The ability to sample fibrotic tissue in systemic sclerosis (SSc) by performing skin biopsy has been a major strength in trying to understand the pathobiology of this disease in comparison to other forms of organ-based fibrosis. It has permitted the identification of cardinal histological features of scleroderma and has defined key phases of the pathology in a temporal sequence so that there is now a clear understanding that as the disease develops, the first changes occur at the level of the dermal microcirculation followed by the development of inflammation that first involves cells of the innate immune and later adaptive immune system. Finally, there is the fibrotic stage of the disease that results in the replacement of specialized structures with rather vascular fibrotic connective tissue.

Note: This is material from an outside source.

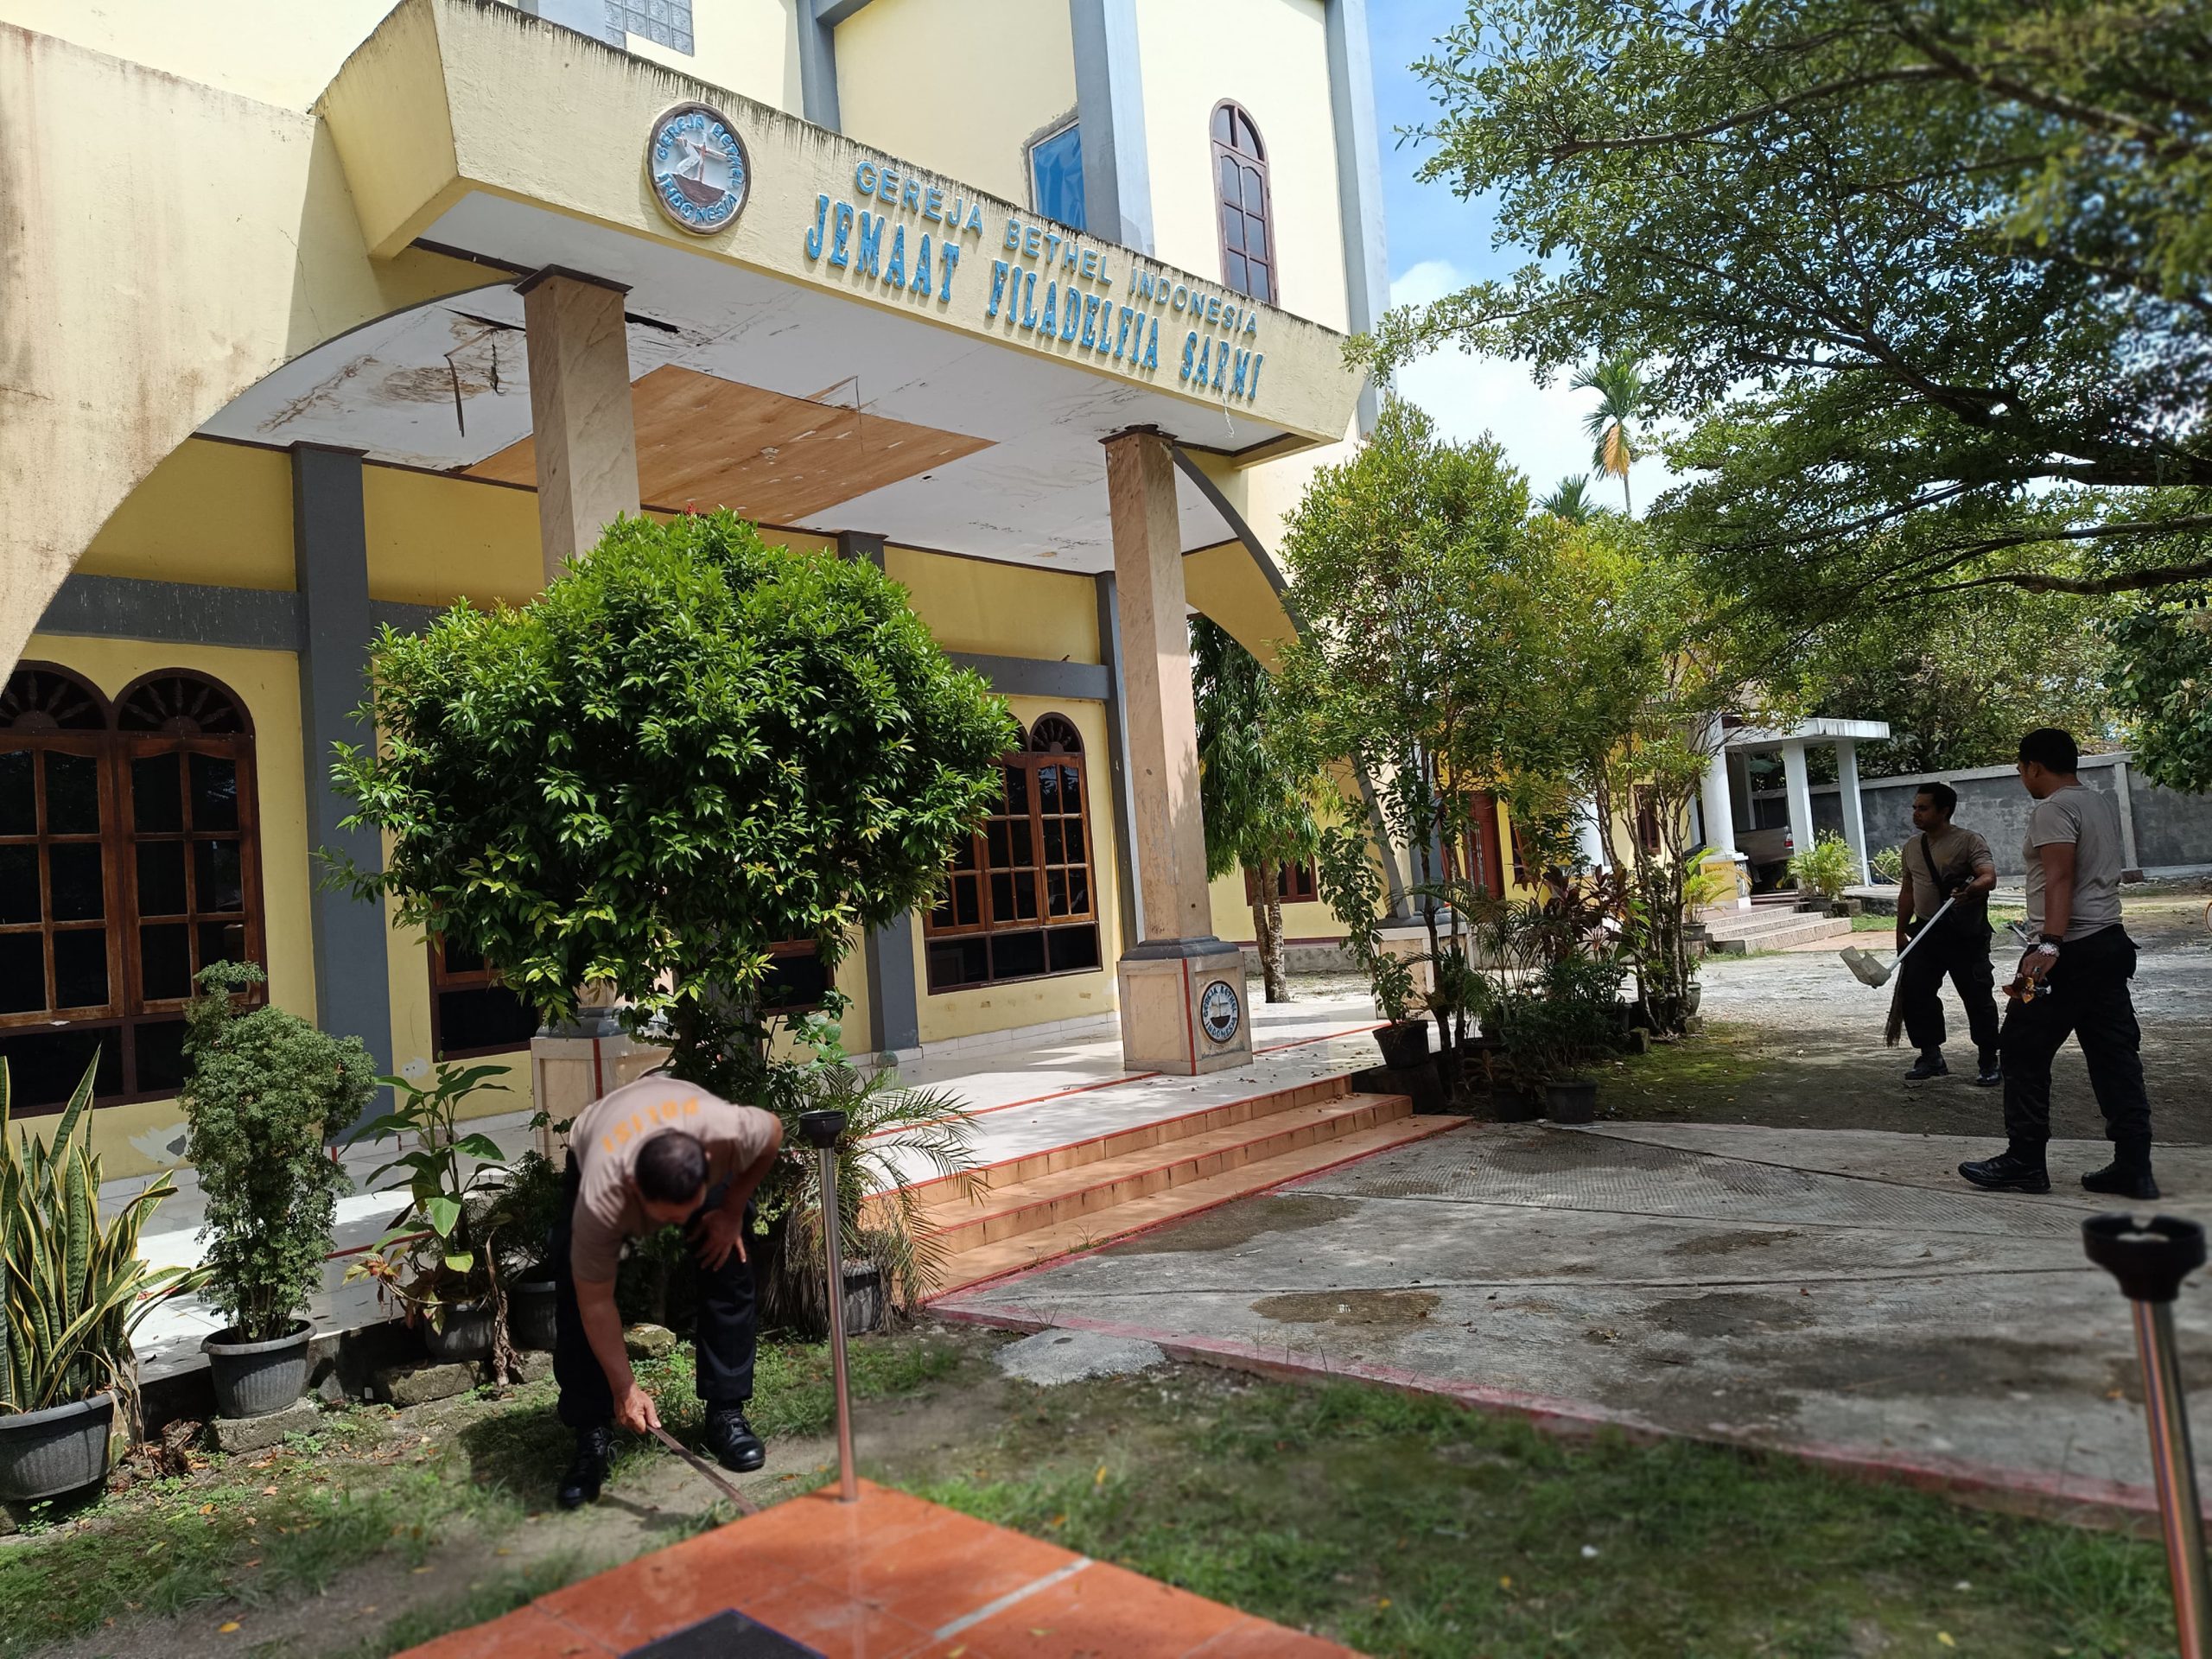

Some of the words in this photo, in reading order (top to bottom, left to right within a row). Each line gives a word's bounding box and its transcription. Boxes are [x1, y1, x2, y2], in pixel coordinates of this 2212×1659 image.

The final component is the most important in determining the morbidity and mortality of SSc as it occurs in all target tissues. It is noteworthy that the activated pathways are largely overlapping with the biological responses during normal wound healing, but in contrast to physiological tissue responses to injury, they are not effectively terminated, but become chronically activated. In addition to defining these components of the SSc disease process, skin biopsy material has also proven valuable as a starting point to identify deregulated signaling cascades and to generate novel hypotheses. To test the importance of a candidate pathway, process, or mediator, it is necessary to explore the relevance experimentally. While experiments on cellular components isolated from affected tissues such as primary fibroblasts are essential to provide first proof of concept, there is a pressing need to further validate the results in vivo. Animal models of SSc are crucially required to close the gap between in vitro studies and clinical trials.